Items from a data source
◇ ◇ ◇
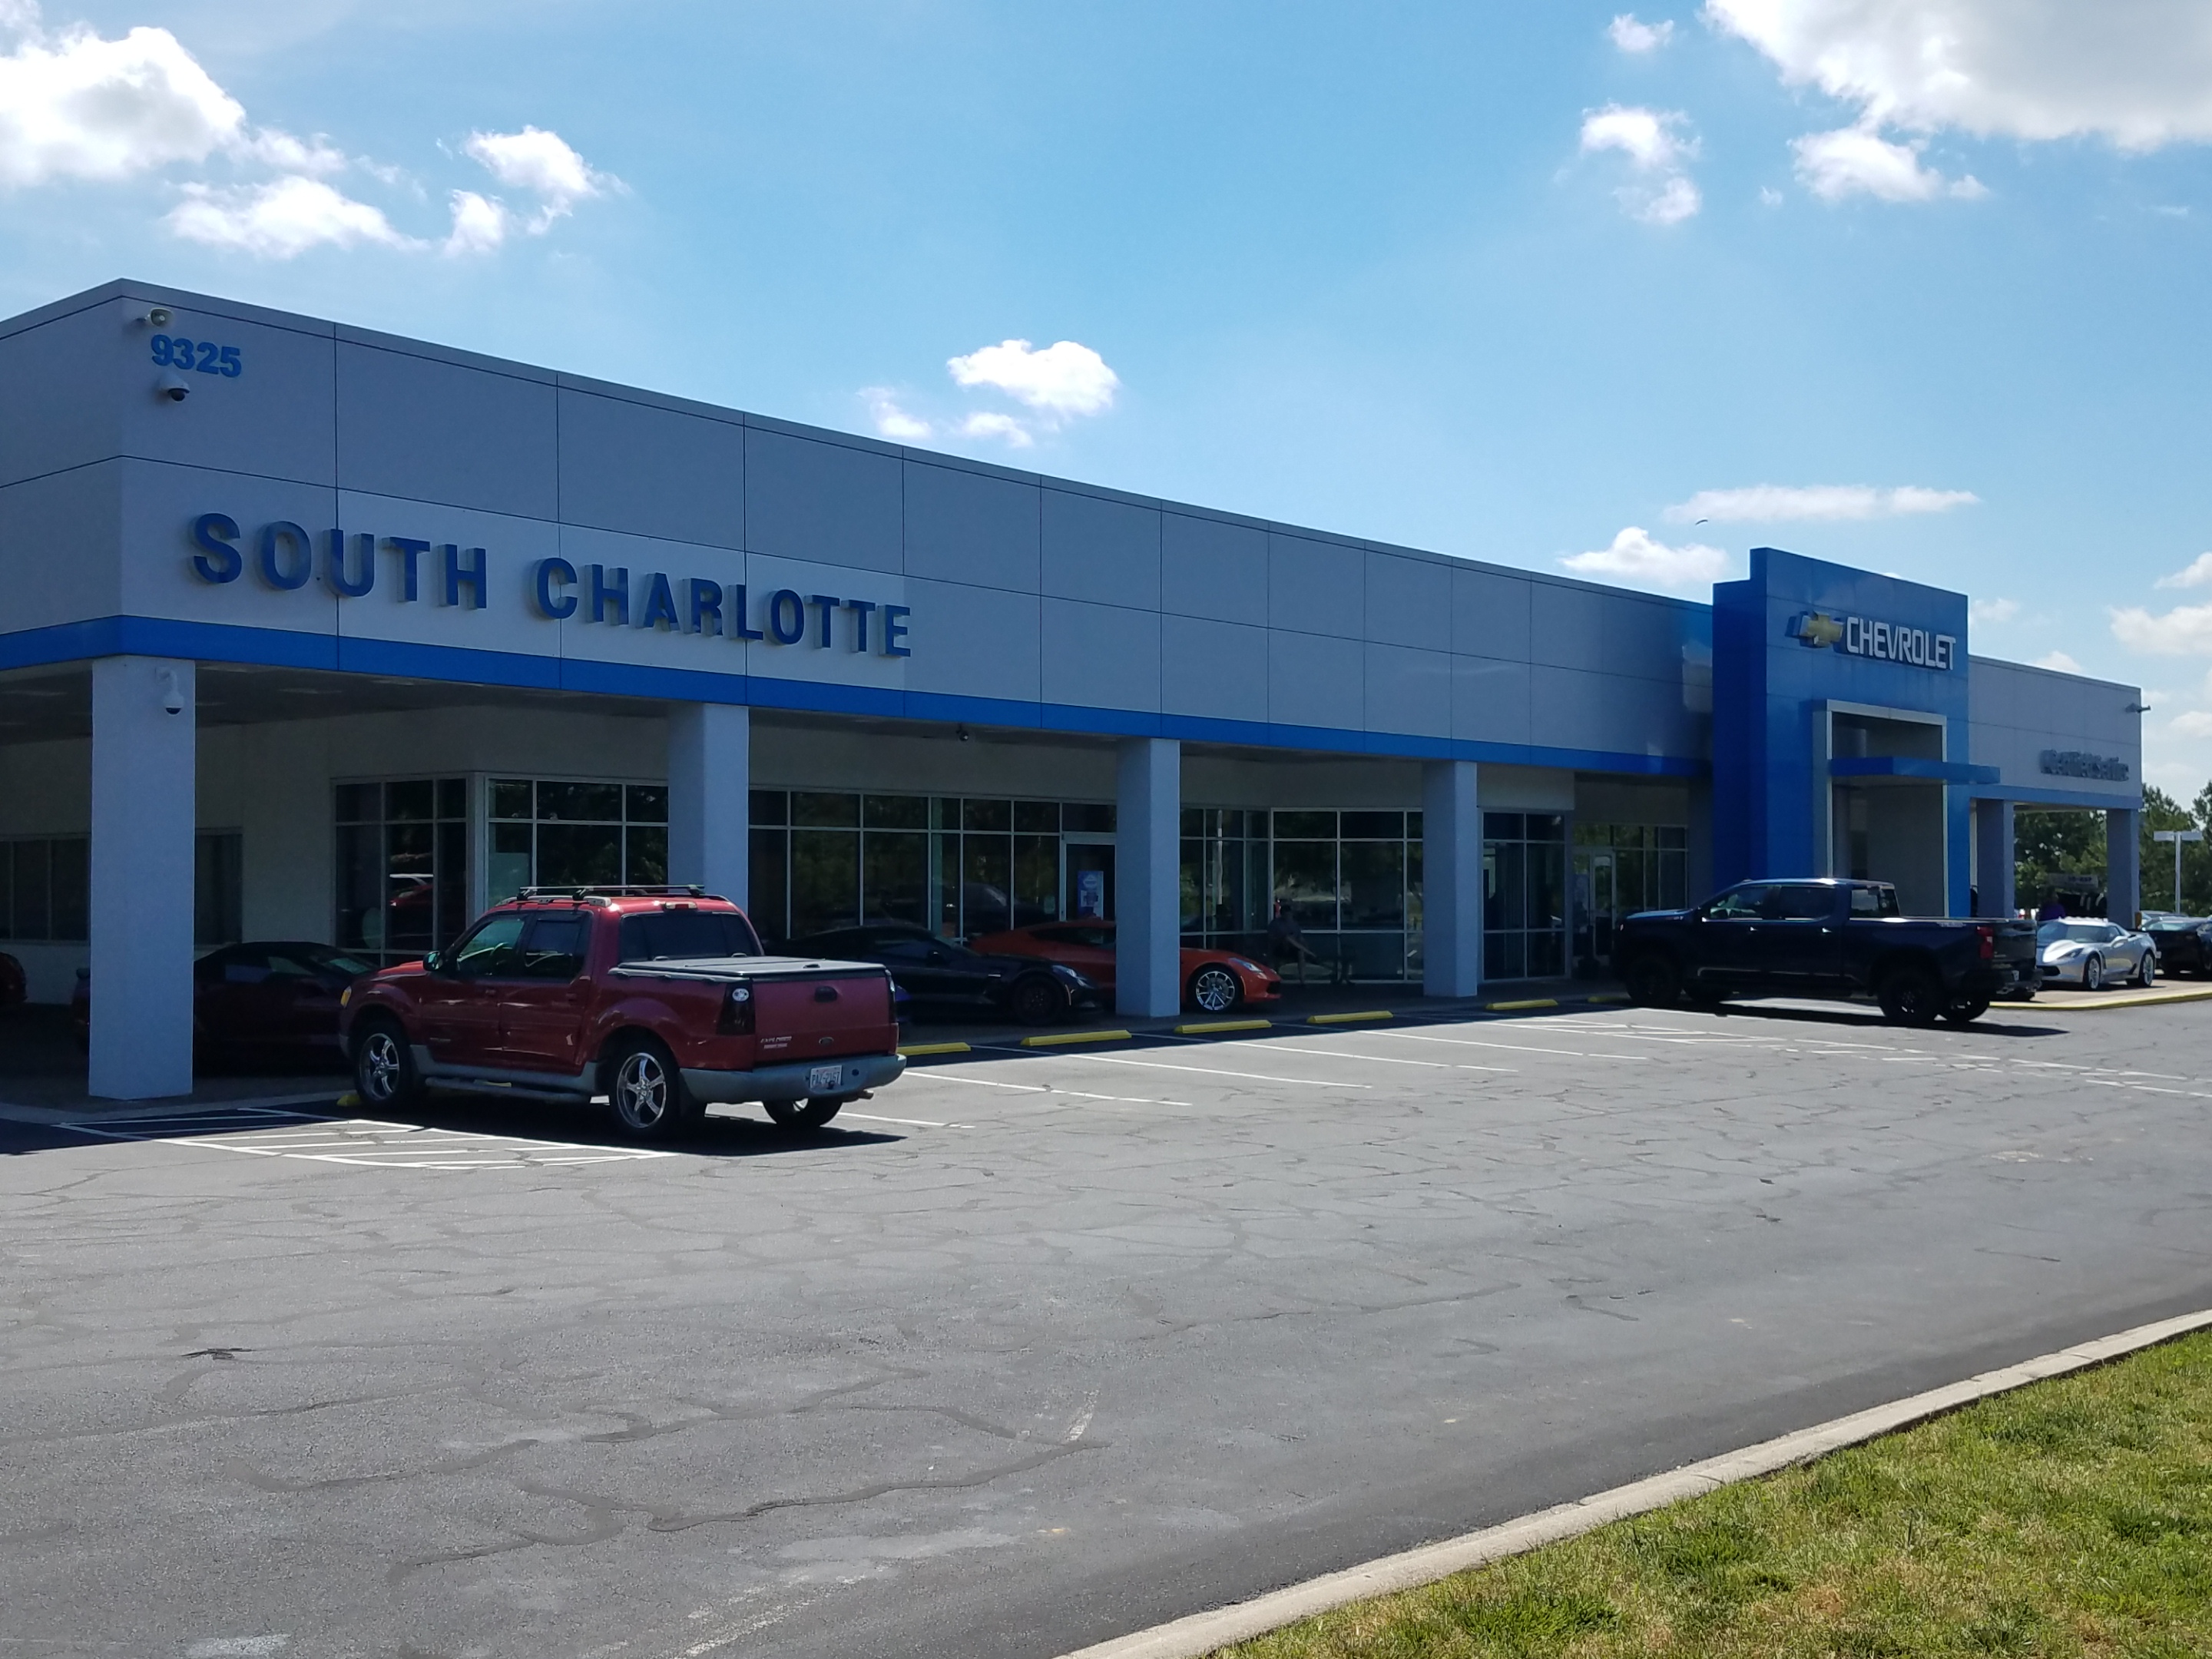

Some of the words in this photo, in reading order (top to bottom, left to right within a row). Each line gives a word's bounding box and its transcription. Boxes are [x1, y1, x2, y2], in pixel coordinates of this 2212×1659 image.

[151, 333, 242, 378] 9325
[191, 512, 487, 610] SOUTH
[534, 557, 912, 657] CHARLOTTE
[1846, 616, 1957, 671] CHEVROLET
◇ ◇ ◇
TASK BRIEF
Your answer must be the records above, word for word, with no pictures.

WRITTEN ANSWER
Some of the words in this photo, in reading order (top to bottom, left to right within a row). Each line gives a word's bounding box and its transcription. Boxes are [x1, y1, x2, y2], in pixel coordinates of this 2212×1659 image.

[151, 333, 242, 378] 9325
[191, 512, 487, 610] SOUTH
[534, 557, 912, 657] CHARLOTTE
[1846, 616, 1957, 671] CHEVROLET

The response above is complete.